当面の目標を確認して、2人は強く頷き合った。するとそこへ、和人が2人に声をかける。

 

 

「アスナ、シノン、太刀川さんが焼肉奢ってくれるらしいから一緒に行こうぜ」

 

 

「え?」

 

 

「わたしたちも、いいの?」

 

 

「大丈夫大丈夫。アスナたちの入隊記念ってことで。ね、太刀川さん?」

 

 

「あーわかったわかった、好きにしろ」

 

 

「なら、歌川たちも呼ぶか」

 

 

「え? 風間さんも来んの?」

 

 

「おまえの奢りなんだから当然だろう?」

 

 

「いやいやいやいや、さすがに風間さんたちの分まで出す余裕は……」

 

 

「嫌なら別に構わない。が……その代わり、今後レポートは自力で頑張るんだな」

 

 

「喜んで、奢らせていただきます」

 

 

「なら三輪隊にも声をかけてみるか」

 

 

「そうだな、槍バカたちも今回の太刀川さんの被害者みたいなもんだし」

 

 

「もう連絡したよ~。蓮さんに聞いたら、みんな来るって」

 

 

「なんかどんどん人が増えていってないか? 蓮のやつ、金貸してくれっかな?」

 

 

「カズは何食うよ?」

 

 

「やっぱカルビだろ。出水はハラミか?」

 

 

「まぁな。けど太刀川さんの奢りだから、種類に限らず食えるだけ食うけどな」

 

 

「同感だ」

 

 

「フッ、本来ならボクは焼肉などという低俗な食事はしないのですが、後輩たちの入隊祝いというなら仕方な──」

 

 

「じゃあテメェは1人で留守番してろ」

 

 

「ああっ、ごめんなさい!! ボクも一緒に行きたいです出水先輩!!」

 

 

賑やかにそう言い合いながらゾロゾロと作戦室をあとにしていく面々。そんな彼らの背中を明日奈と詩乃がぼんやりと見つめていると、2人に気付いた和人が笑いかける。

 

 

「なにしてるんだよ? 早く行こうぜ!」

 

 

そんな和人の心底楽しそうな笑顔を見た明日奈と詩乃は、どこか嬉しそうに頷き合い、彼のをあとを追いかけたのであった。

 

 

彼とその仲間たちと一緒なら、このボーダーでもやっていけるかもしれないという期待を胸に秘めて──。

 

 

 

 

 

 

 

 

 

 

 

 

 

 

 

因みにこの日、太刀川の財布が死んだのは余談である。

 

 

 

 

 

 

 

 

 

 

 

 

 

 

 

「あ、キリト君。
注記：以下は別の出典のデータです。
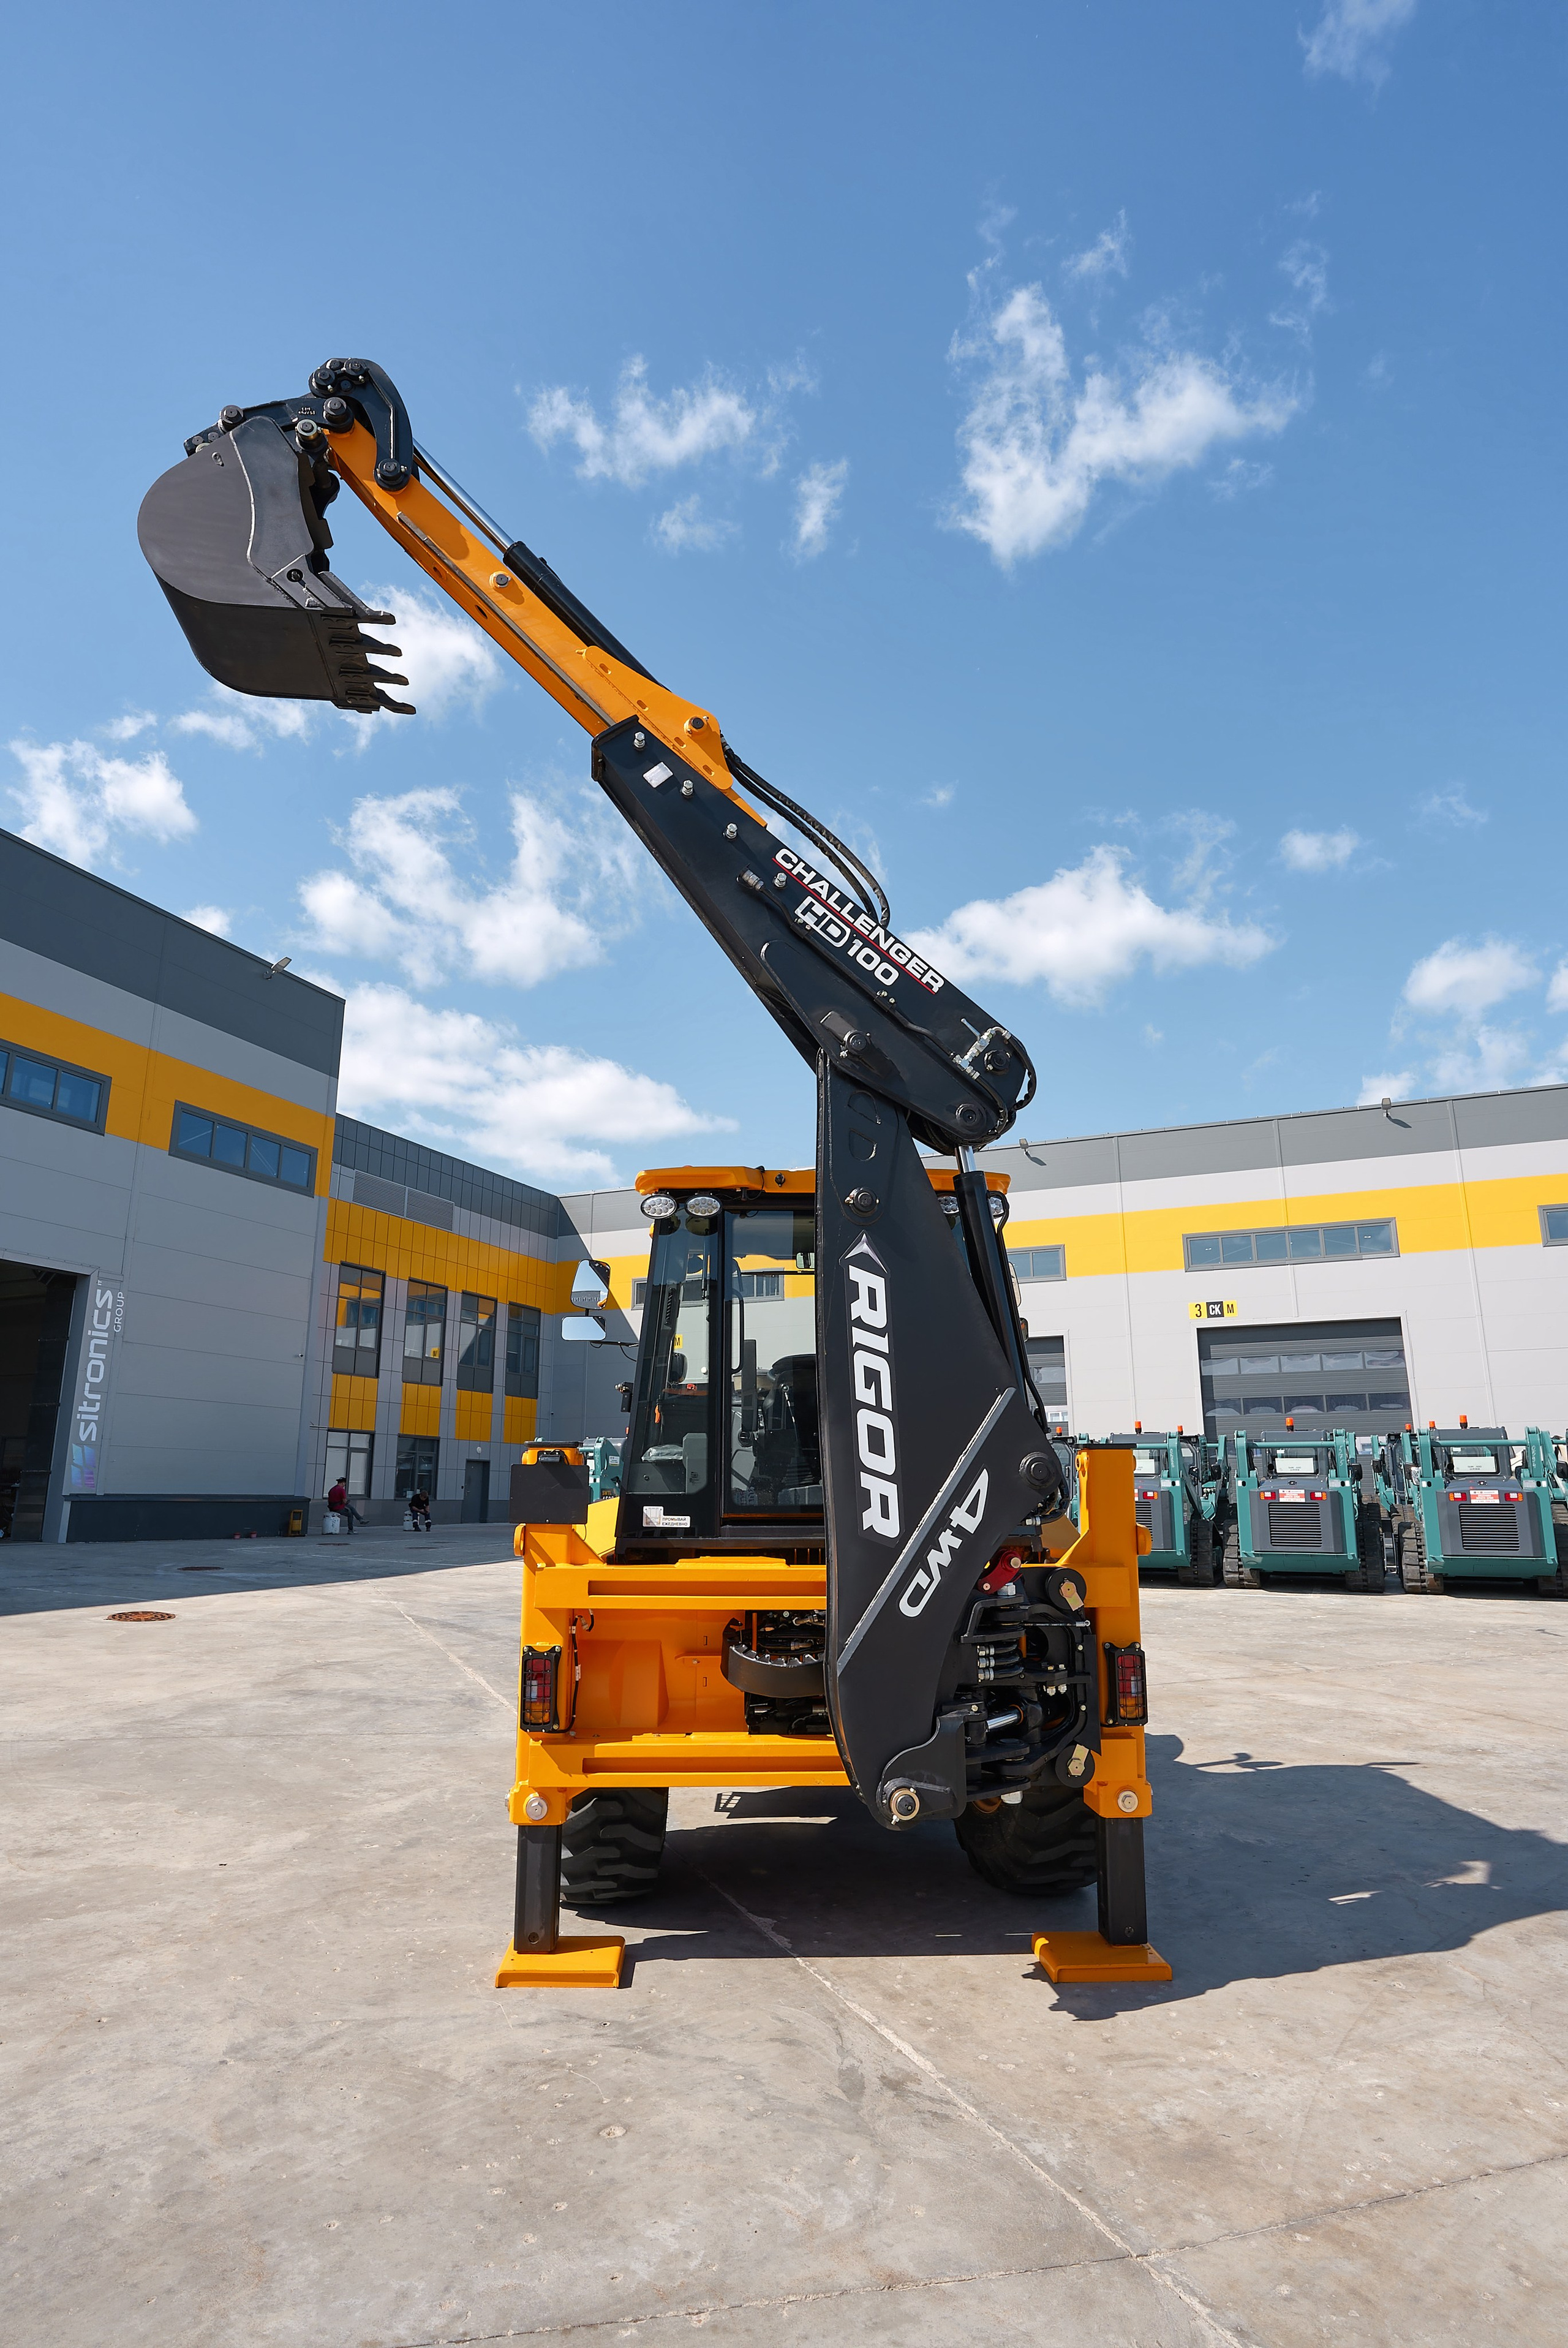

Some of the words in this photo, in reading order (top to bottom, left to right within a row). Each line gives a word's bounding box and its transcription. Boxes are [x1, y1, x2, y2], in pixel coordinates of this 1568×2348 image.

[775, 848, 944, 993] CHALLENGER
[794, 896, 851, 947] HD
[847, 938, 899, 986] 100
[77, 1289, 113, 1441] sitronics
[113, 1291, 124, 1332] GROUP
[1194, 1304, 1202, 1318] 3
[848, 1264, 900, 1539] RIGOR
[899, 1468, 989, 1617] 4WD
柚宇が言ってた女の子からの勧誘の話、あとでちゃんと詳しく聞かせてね?」

 

 

「…………ハイ」

 

 

ついでに和人も一緒に(精神的に)死んだ。

 

 

 

 

 

つづく




カバー裏式人物紹介①


黒のA級フラグ建築士『キリト』
黒のロングコートに惹かれて太刀川隊に入ったゲームバカ。ボーダーの仕事に精を出している裏でVRMMOの布教活動を行っている仮想世界の申し子。因みに主な被害者は出水と志岐。嫁と娘がいるにも関わらず多くの女性から好意を寄せられる天性のタラシなので、ボーダーに入ってからも那須さんをお姫様抱っこしたり、熊谷とデートしたり、加古さんに炒飯食わされたり、香取に懐かれたり、小南と模擬戦したり、綾辻を餌付けしたりなど相変わらず色々大活躍している。とりあえず嫁に刺されればいい。